Entre le -7ème et le -4ème siècle, période de la plus grande expansion de Sparte dans le bassin méditerranéen, Gortyne est rattachée aux possessions de la cité guerrière. À partir, de -67, les Romains en font la capitale de la Crète pour mille ans.

Pour les historiens de l’Antiquité grecque, Gortyne est un site majeur et primordial pour la connaissance de l’activité législative d’une cité grecque. Site majeur, mais pas unique, car des inscriptions juridiques ont été trouvées sur plusieurs sites crétois (Dréros, Arkades…) qui donnent à penser aux spécialistes que la Crète a été l’un des foyers majeurs de la formulation du droit dans l’espace hellénique.
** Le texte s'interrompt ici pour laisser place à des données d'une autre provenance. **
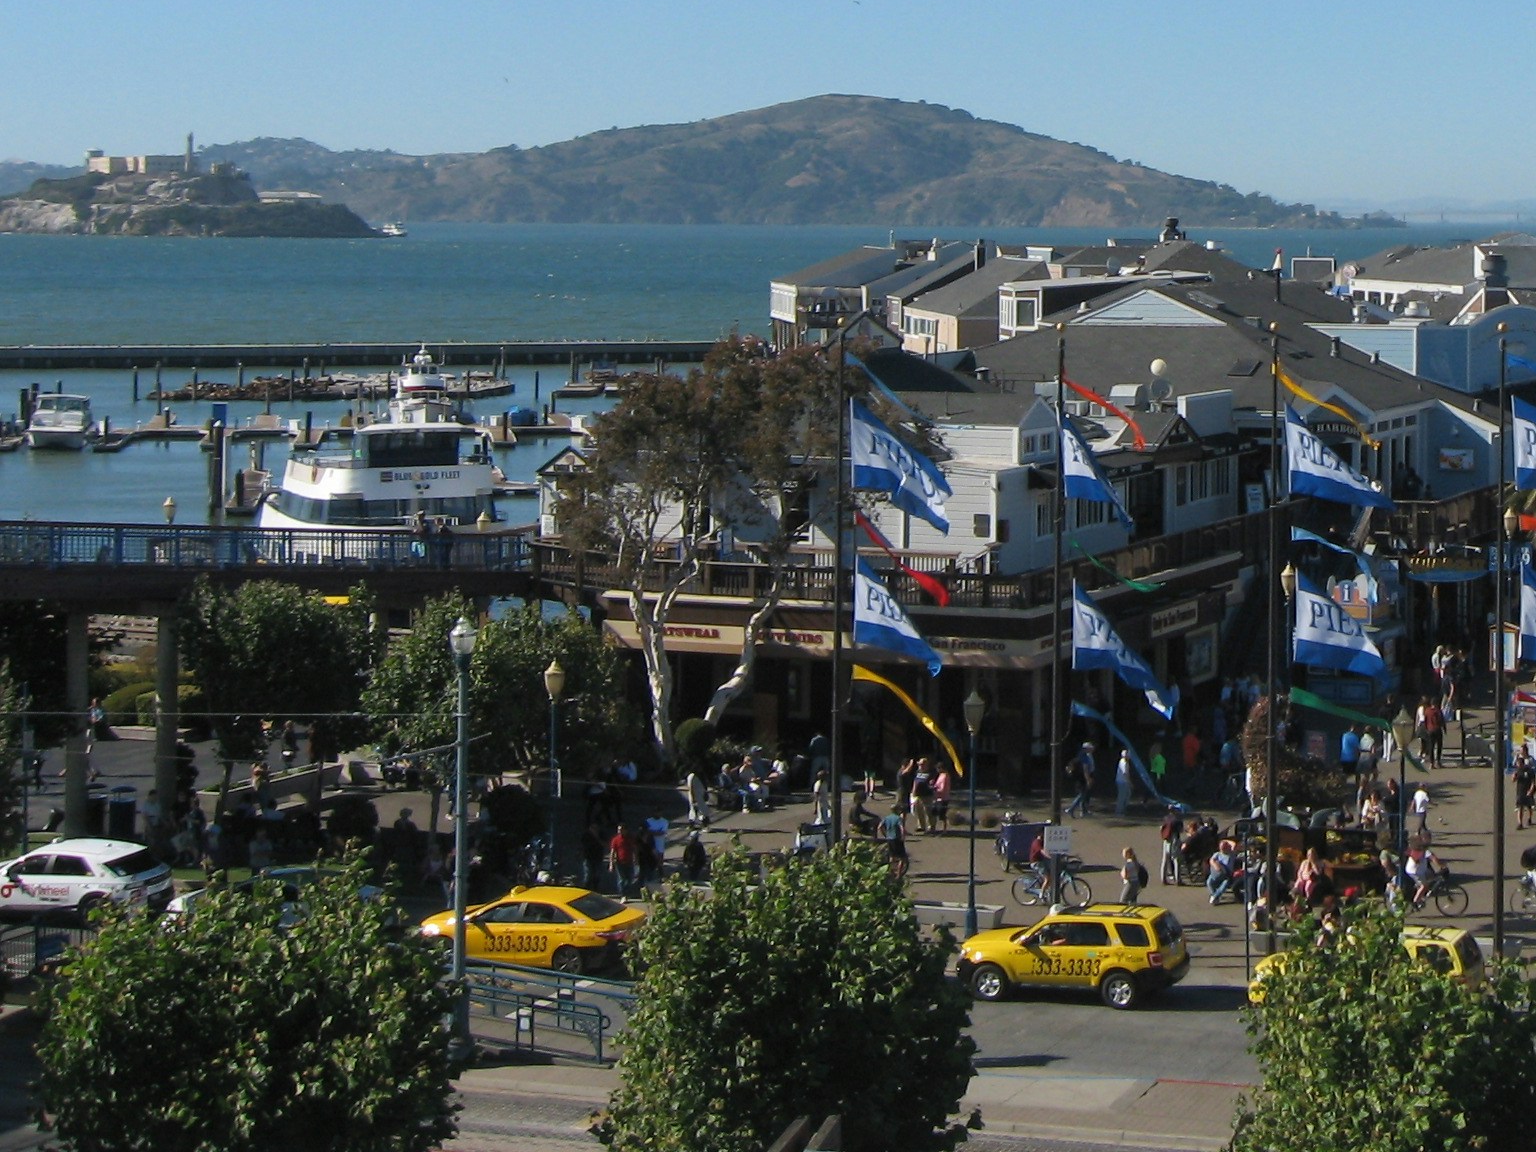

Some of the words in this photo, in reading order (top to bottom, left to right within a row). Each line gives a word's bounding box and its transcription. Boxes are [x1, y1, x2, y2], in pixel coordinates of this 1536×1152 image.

[441, 470, 460, 479] FLEET
[951, 639, 1006, 651] Francisco
[488, 935, 548, 952] 333-3333
[1034, 958, 1101, 976] 333-3333
En effet, dès le -7ème siècle, d’énormes blocs d’inscriptions sont exposés sur l’espace public qui servait à l’assemblée des citoyens. Ces écrits portent sur des conflits, les amendes infligées et les règles à appliquer en justice. Des blocs du -6ème siècle émettent des règles pour qu’il y ait un renouvellement régulier du groupe de dix magistrats (cosmes) élus chaque année pour administrer la cité, commander les forces armées et exercer la justice. Il prévoit, par exemple, un intervalle de cinq ans pour que soit réélu le magistrat en charge des étrangers. L’amende se paie par un certain nombre de chaudrons en bronze, objets de grandes valeurs qui étaient utilisés dans les circuits pré monétaires. Au -5ème siècle, une gigantesque inscription écrite de droite à gauche sur une ligne, puis de gauche à droite sur la ligne suivante… (boustrophédon), présente un code de lois régissant toute la vie de la cité. Il légifère sur le droit des esclaves, des divorces, des adoption, sur les crimes sexuels, sur le droit des femmes…. Cette inscription représente l’aboutissement d’une activité législative déjà ancienne. La mise en place de ces outils juridiques assez complexes assied la popularité et la réputation du droit crétois dans toute la Grèce. C’est à Gortyne qu’Aristote situe l’un des plus anciens législateurs grecs, Thalès ou Thaléas.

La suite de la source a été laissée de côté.